What you need to do
Could you reproduce, exactly and alone, the lines running from the one with "this 1600×1068 image." to the end of the data below?

#####

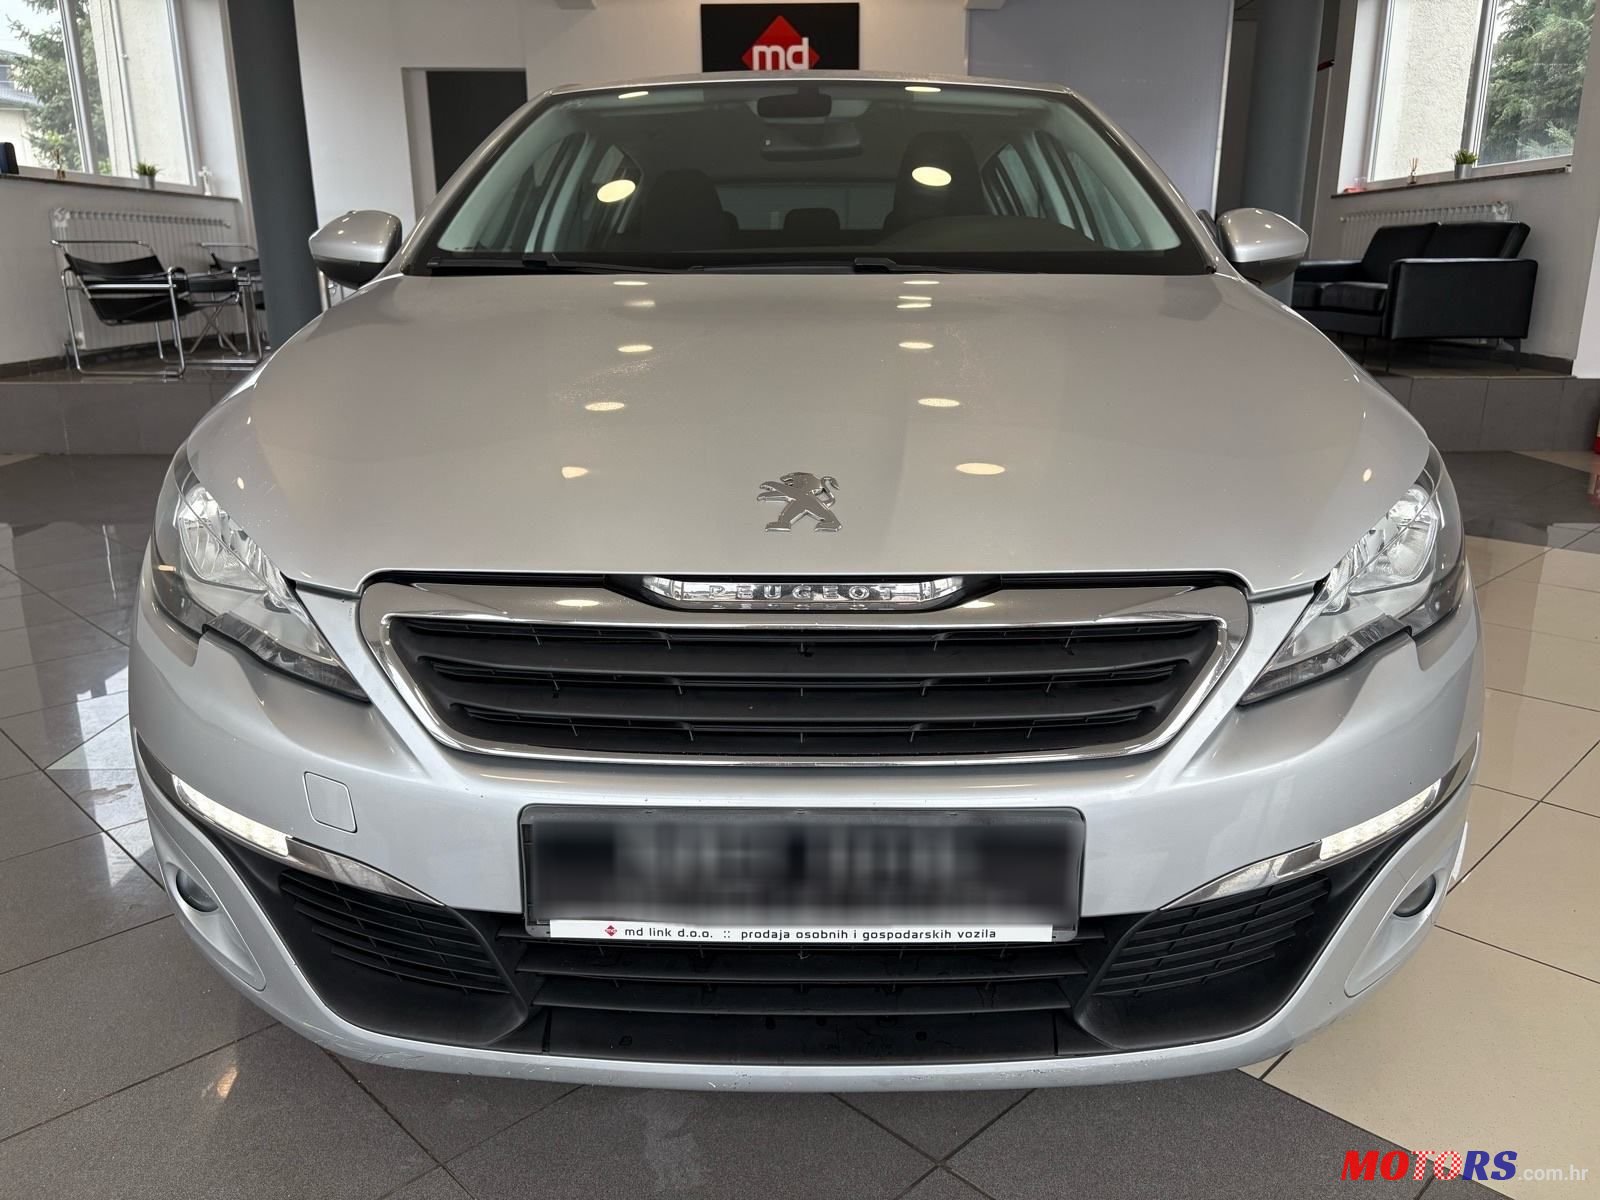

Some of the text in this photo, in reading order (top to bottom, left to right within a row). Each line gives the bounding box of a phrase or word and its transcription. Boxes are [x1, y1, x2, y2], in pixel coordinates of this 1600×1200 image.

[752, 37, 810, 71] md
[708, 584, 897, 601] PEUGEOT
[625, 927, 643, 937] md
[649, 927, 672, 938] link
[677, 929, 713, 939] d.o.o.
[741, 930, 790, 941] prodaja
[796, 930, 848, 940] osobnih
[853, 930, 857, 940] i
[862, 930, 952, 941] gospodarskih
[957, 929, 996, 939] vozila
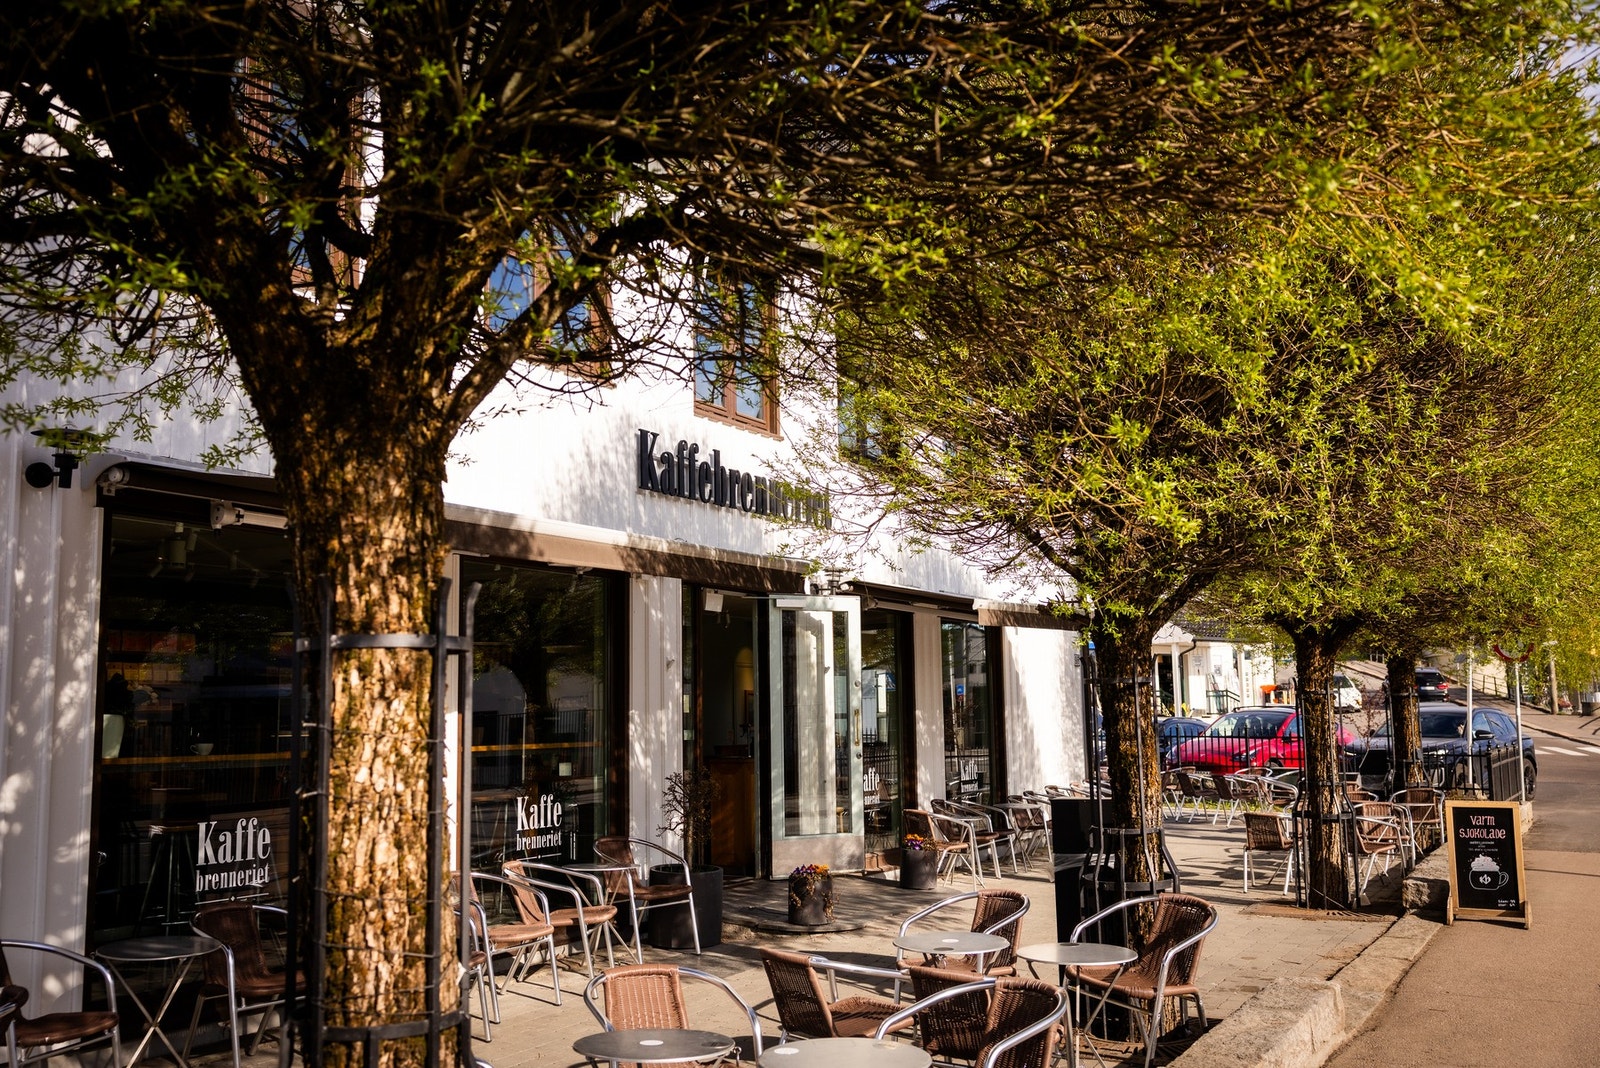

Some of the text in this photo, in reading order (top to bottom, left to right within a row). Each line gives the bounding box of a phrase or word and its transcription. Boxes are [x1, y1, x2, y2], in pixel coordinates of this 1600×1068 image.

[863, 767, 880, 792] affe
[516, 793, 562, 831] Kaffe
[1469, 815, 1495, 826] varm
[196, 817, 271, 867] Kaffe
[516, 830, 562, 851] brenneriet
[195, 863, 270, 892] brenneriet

#####

Answer section
Some of the text in this photo, in reading order (top to bottom, left to right within a row). Each line gives the bounding box of a phrase or word and its transcription. Boxes are [x1, y1, x2, y2], in pixel coordinates of this 1600×1068 image.

[863, 767, 880, 792] affe
[516, 793, 562, 831] Kaffe
[1469, 815, 1495, 826] varm
[196, 817, 271, 867] Kaffe
[516, 830, 562, 851] brenneriet
[195, 863, 270, 892] brenneriet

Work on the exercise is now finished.